Problem. Given a string of digits 2–9, return all letter combinations the number could spell on a phone keypad (2→abc, 3→def, …, 7→pqrs, 9→wxyz). For "23": ["ad","ae","af","bd","be","bf","cd","ce","cf"]. Empty input returns an empty list.
Brute force
This is a Cartesian product, so there's no wasted "brute force" to prune — every combination is valid by construction. The only question is generating the product cleanly. You could do it with nested loops, but the digit count is variable, so recursion (or an iterative queue build-up) is the natural fit.

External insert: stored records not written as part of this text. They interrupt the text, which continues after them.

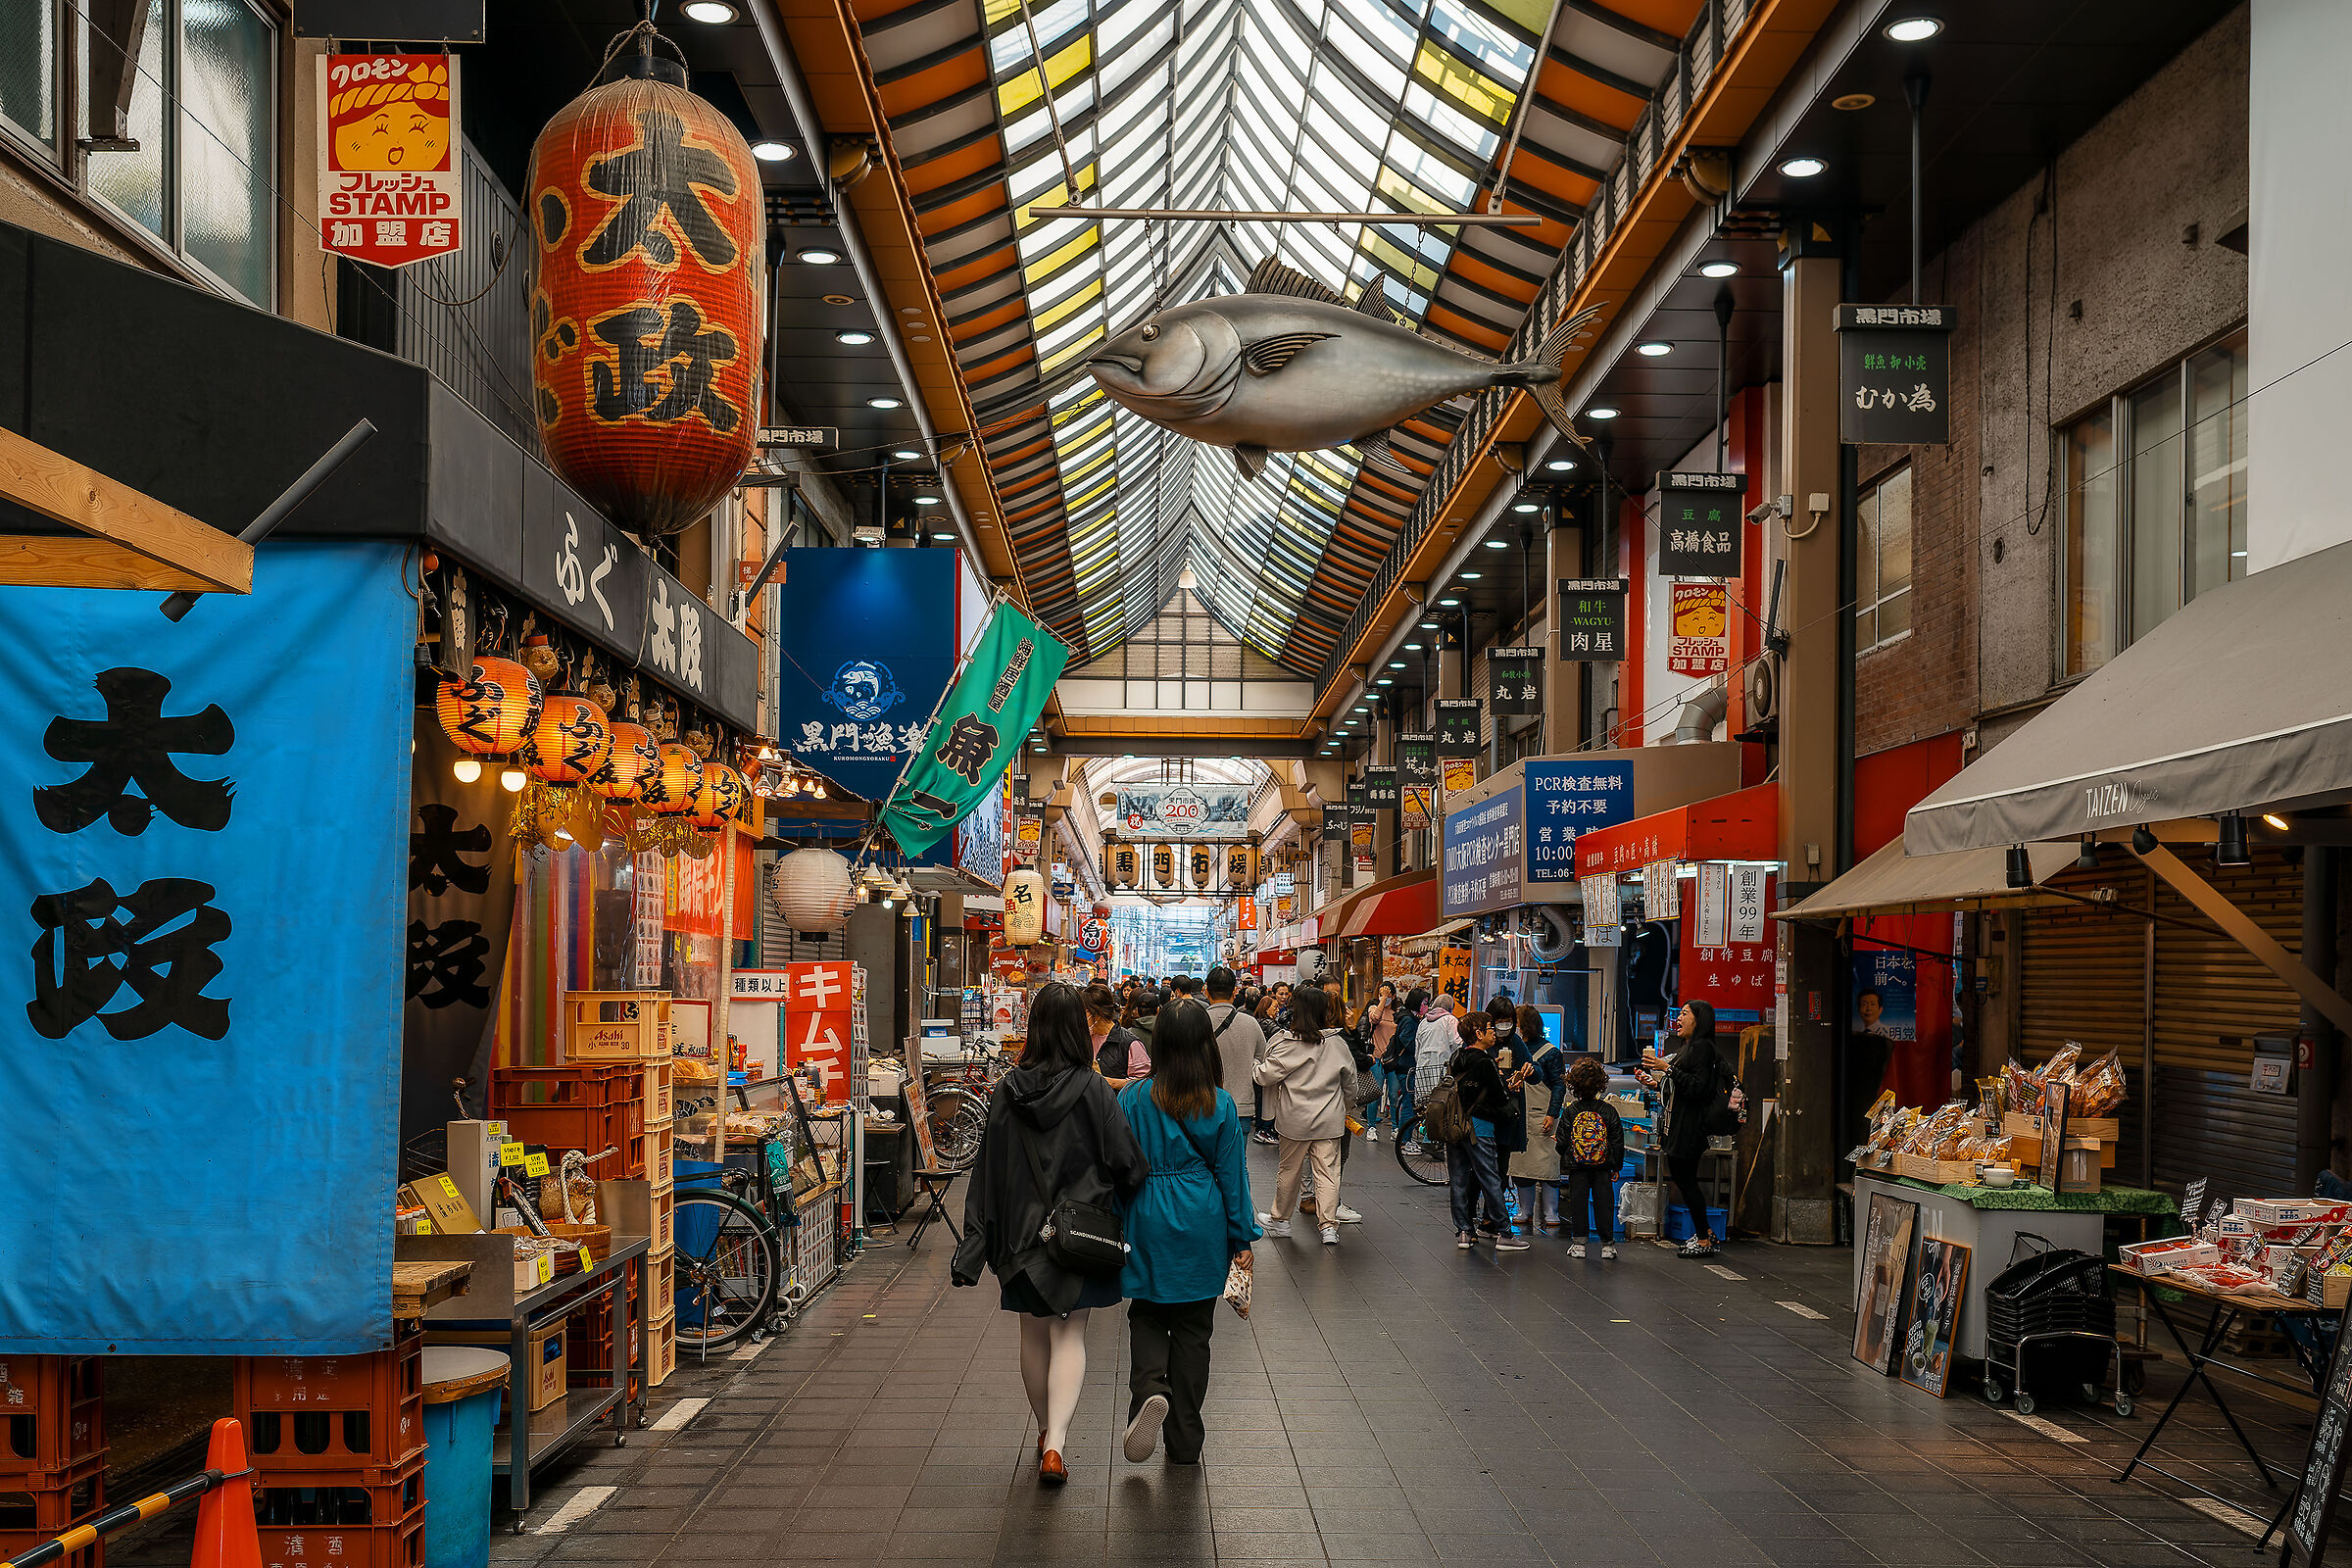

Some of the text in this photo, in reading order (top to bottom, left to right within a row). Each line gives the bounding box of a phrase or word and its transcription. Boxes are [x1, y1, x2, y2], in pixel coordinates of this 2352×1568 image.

[330, 58, 410, 88] クロモン
[339, 172, 436, 192] フレッシュ
[329, 193, 451, 216] STAMP
[330, 220, 451, 247] 加盟店
[580, 110, 740, 433] 太政
[1856, 308, 1941, 325] 黒門市場
[1864, 353, 1927, 370] 鮮魚 卸 小売
[1855, 382, 1936, 413] むか為
[1671, 474, 1738, 488] 黒門市場
[1682, 509, 1722, 522] 豆腐
[1670, 529, 1733, 554] 高橋食品
[556, 511, 618, 632] ふぐ
[1567, 580, 1620, 591] 黒門市場
[1675, 587, 1709, 601] クロモン
[1578, 599, 1607, 613] 和牛
[1571, 631, 1614, 652] 肉星
[1677, 637, 1720, 647] フレッシュ
[1494, 648, 1539, 658] 黒門市場
[1673, 646, 1725, 656] STAMP
[1672, 658, 1725, 671] 加盟店
[1495, 684, 1538, 701] 丸岩
[1441, 730, 1477, 744] 丸岩
[1535, 775, 1624, 792] PCR検査無料
[1545, 800, 1607, 814] 予約不要
[2085, 781, 2129, 819] TAIZEN
[1165, 805, 1199, 817] 200
[1012, 883, 1033, 904] 名
[1739, 869, 1757, 941] 創業99年
[1699, 948, 1774, 962] 創作豆腐
[734, 976, 787, 995] 種類以上
[1707, 973, 1765, 987] 生ゆば
[594, 1029, 624, 1041] Asahi
[1875, 1027, 1916, 1042] 公明党
[620, 1041, 630, 1050] 30

Optimal — backtracking over the digit positions
Map each digit to its letters, then walk the digits left to right. At position i, append each letter of digits[i]'s group, recurse to position i+1, and unchoose. When the path length equals the number of digits, record it.

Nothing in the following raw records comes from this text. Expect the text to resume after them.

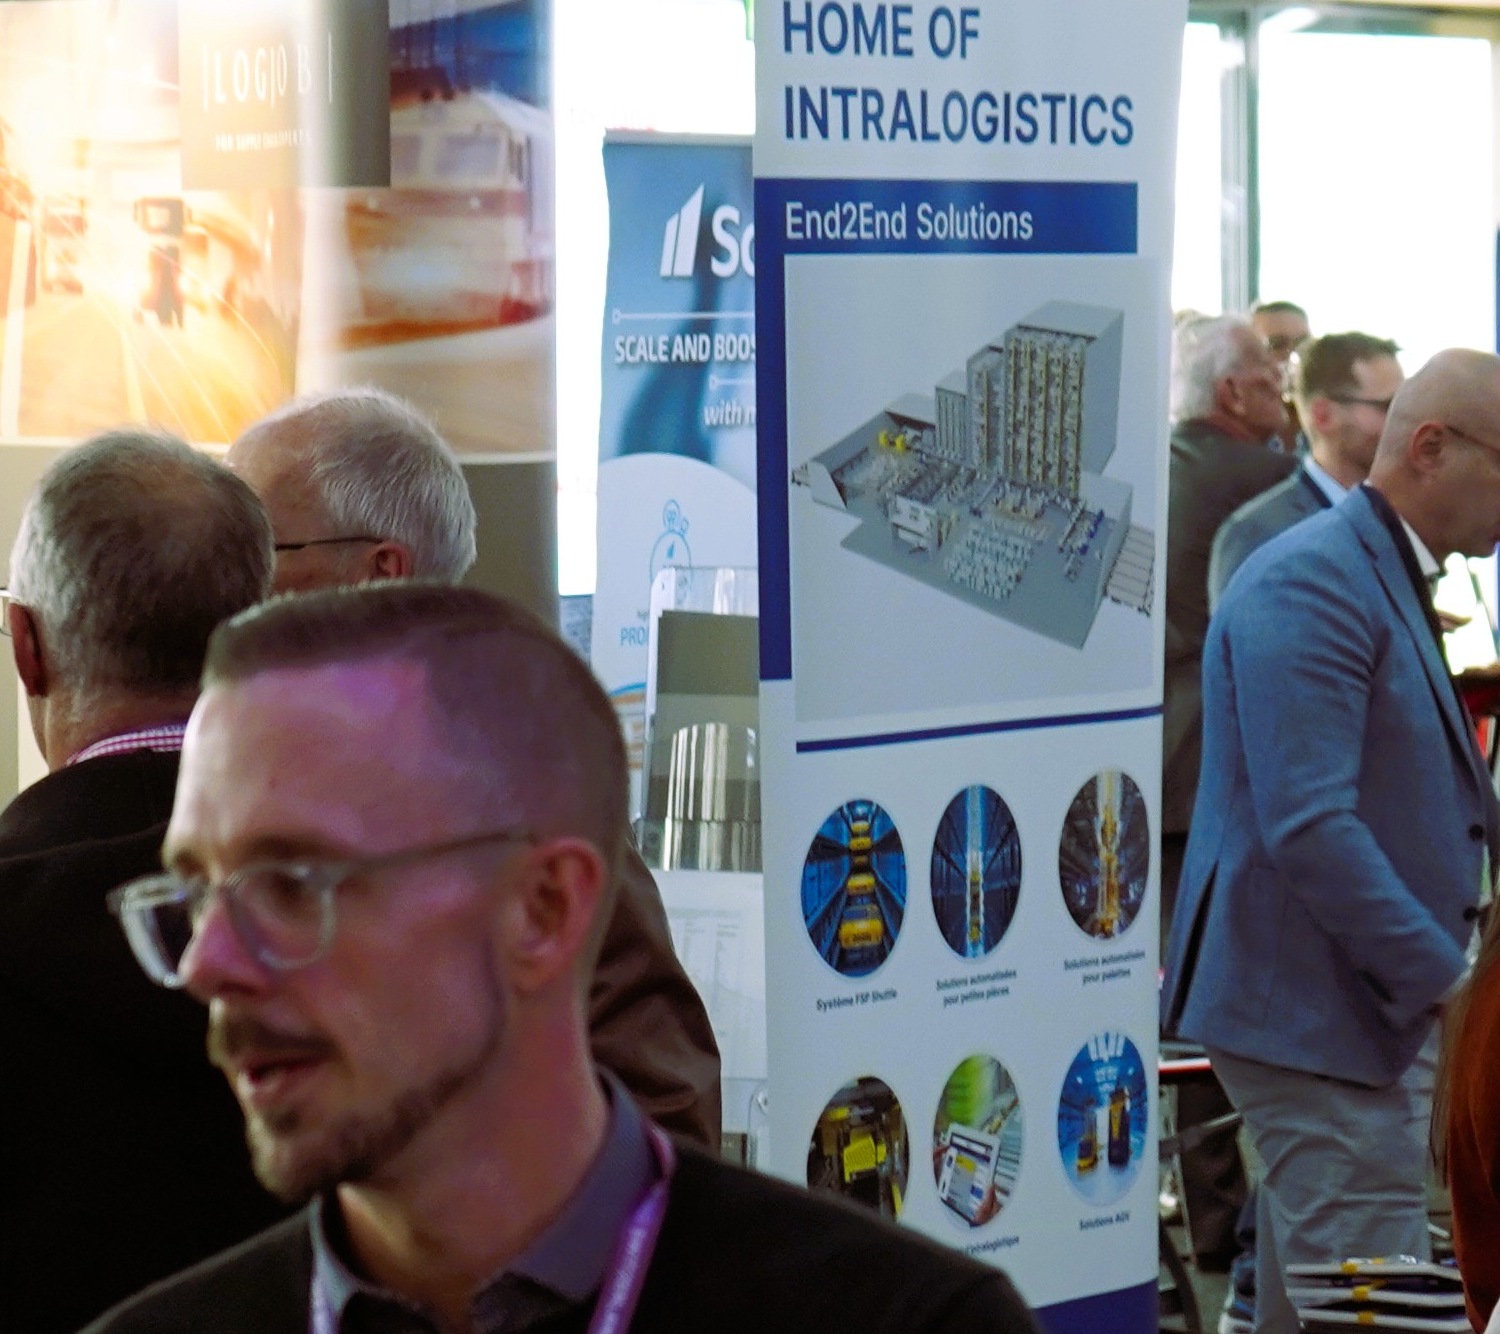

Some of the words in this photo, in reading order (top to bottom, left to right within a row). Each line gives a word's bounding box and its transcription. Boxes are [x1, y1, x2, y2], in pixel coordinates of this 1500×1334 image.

[783, 0, 913, 57] HOME
[928, 6, 980, 58] OF
[784, 85, 1134, 146] INTRALOGISTICS
[786, 201, 906, 240] End2End
[916, 202, 1033, 240] Solutions
[615, 335, 669, 363] SCALE
[671, 334, 710, 362] AND
[704, 400, 742, 426] with
[816, 995, 853, 1012] Système
[872, 988, 897, 1002] Shuttle

private static final String[] PAD = {
"", "", "abc", "def", "ghi", "jkl", "mno", "pqrs", "tuv", "wxyz"
};
List<String> letterCombinations(String digits) {
List<String> result = new ArrayList<>();
if (digits.isEmpty()) return result; // guard: [] not [""]
backtrack(digits, 0, new StringBuilder(), result);
return result;
}
void backtrack(String digits, int i, StringBuilder path, List<String> result) {
if (i == digits.length()) { // one letter chosen per digit
result.add(path.toString());
return;
}
String letters = PAD[digits.charAt(i) - '0']; // letters for this digit
for (int j = 0; j < letters.length(); j++) {
path.append(letters.charAt(j)); // choose
backtrack(digits, i + 1, path, result); // explore next digit
path.deleteCharAt(path.length() - 1); // unchoose
}
}Each digit multiplies the count by its letter count (3 or 4), so for n digits there are up to 4ⁿ combinations, each O(n) to materialize: O(n · 4ⁿ) time, O(n) recursion-stack space. That's optimal — the output is itself that large.
The only real trap is the empty-input guard: returning early gives [], whereas recursing immediately would record the empty string and return [""].